- _TO DO_
Please repeat the records beneath this task exactly as they appear, but skip the images.
Start of RECORDS FOR THIS EXERCISE
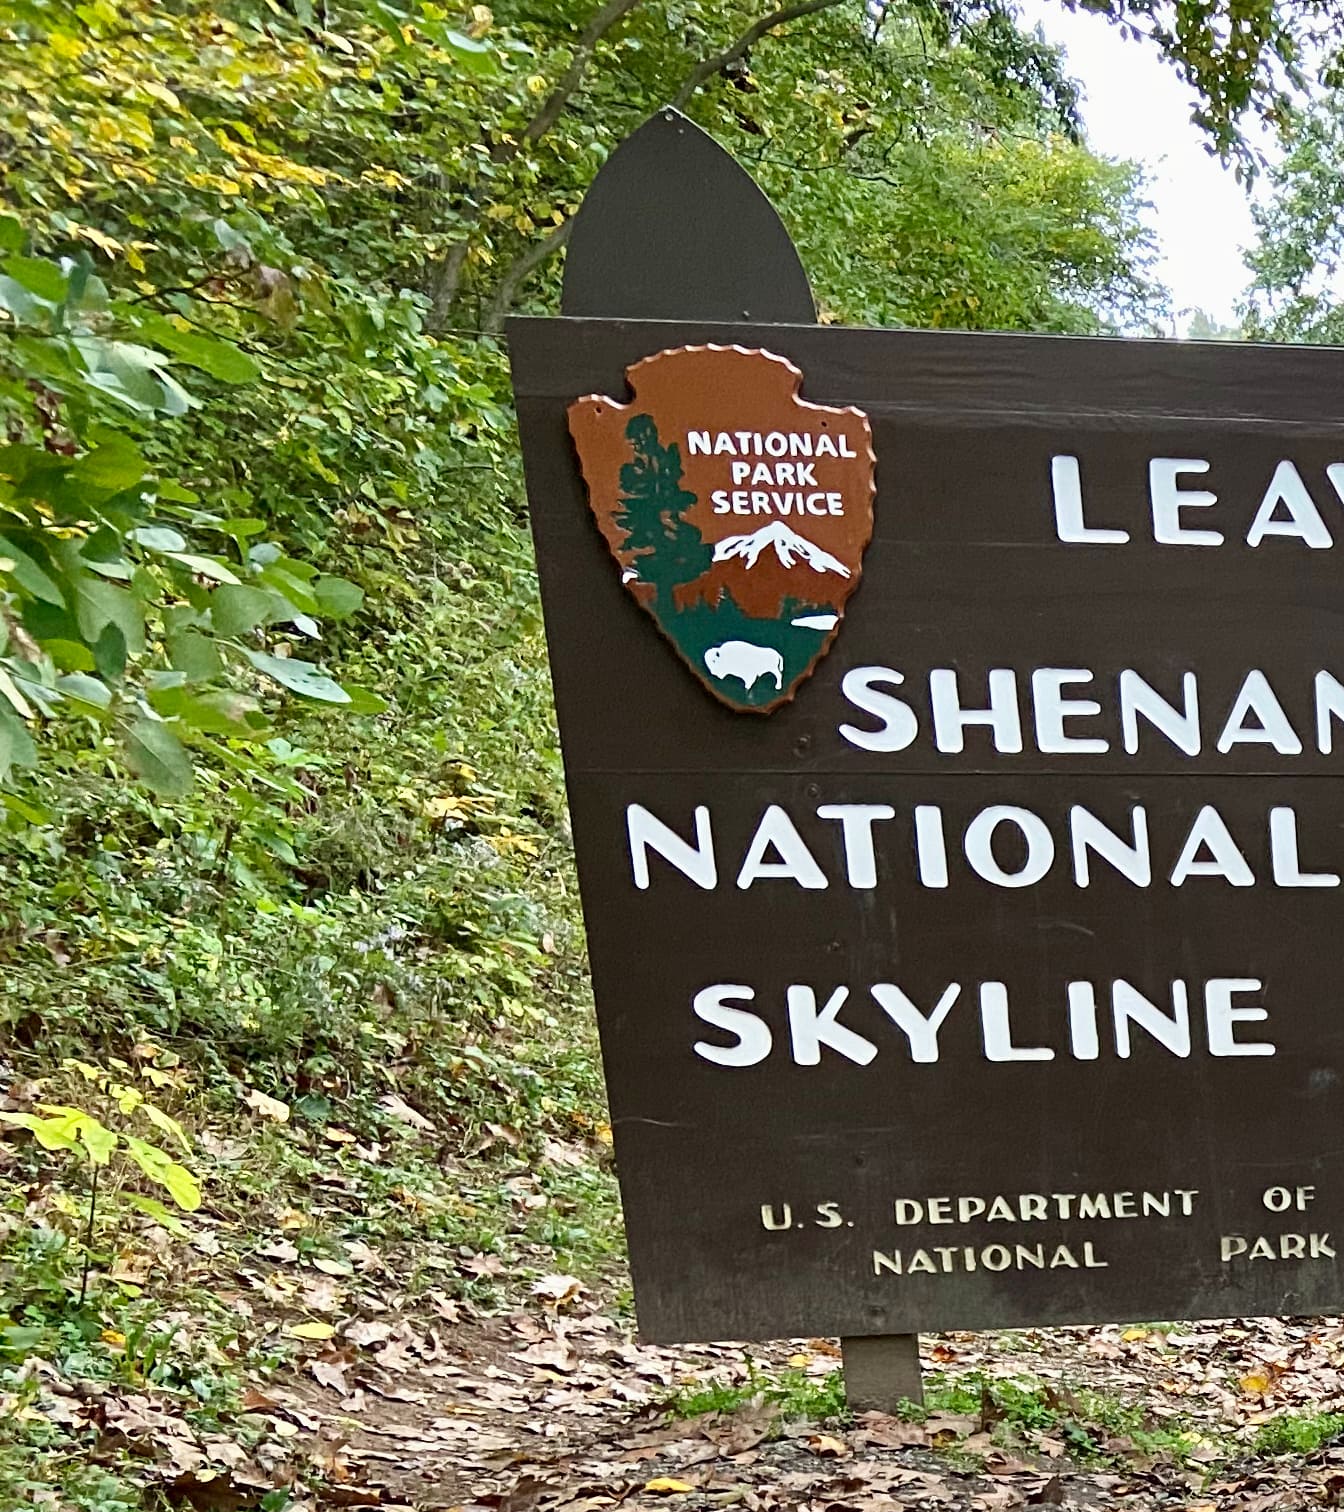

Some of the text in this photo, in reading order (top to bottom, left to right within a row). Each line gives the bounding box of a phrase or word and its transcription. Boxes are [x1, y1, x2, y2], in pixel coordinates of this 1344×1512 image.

[687, 430, 857, 458] NATIONAL
[731, 461, 818, 486] PARK
[711, 490, 845, 516] SERVICE
[626, 803, 1341, 890] NATIONAL
[693, 978, 1276, 1067] SKYLINE
[894, 1189, 1199, 1225] DEPARTMENT
[1262, 1185, 1315, 1212] OF
[873, 1241, 1109, 1276] NATIONAL
[1221, 1233, 1337, 1263] PARK
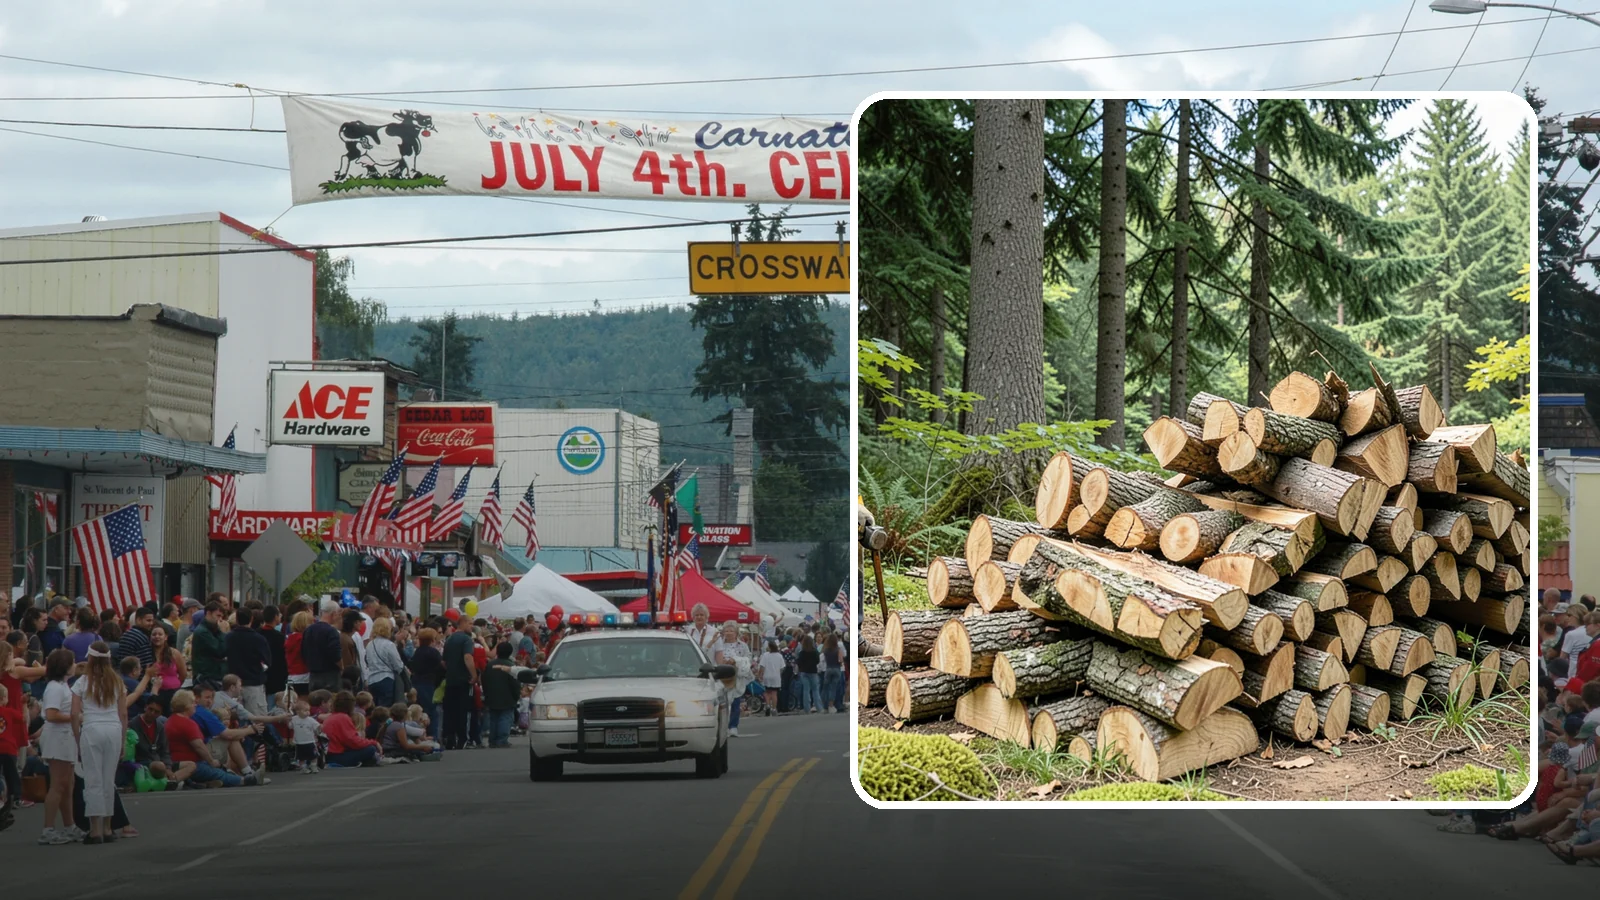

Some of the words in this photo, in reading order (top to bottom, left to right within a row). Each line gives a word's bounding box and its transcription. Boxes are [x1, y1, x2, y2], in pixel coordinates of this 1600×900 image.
End of RECORDS FOR THIS EXERCISE
- _OUTPUT FOR THIS EXERCISE_
Some of the text in this photo, in reading order (top to bottom, left to right within a row). Each line gives the bounding box of a phrase or word and its transcription. Boxes are [x1, y1, x2, y2], in pixel coordinates of this 1344×1512 image.

[687, 430, 857, 458] NATIONAL
[731, 461, 818, 486] PARK
[711, 490, 845, 516] SERVICE
[626, 803, 1341, 890] NATIONAL
[693, 978, 1276, 1067] SKYLINE
[894, 1189, 1199, 1225] DEPARTMENT
[1262, 1185, 1315, 1212] OF
[873, 1241, 1109, 1276] NATIONAL
[1221, 1233, 1337, 1263] PARK

Some of the words in this photo, in reading order (top to bottom, left to right within a row). Each line gives a word's bounding box and its transcription. Boxes are [x1, y1, x2, y2], in pixel coordinates of this 1600×900 image.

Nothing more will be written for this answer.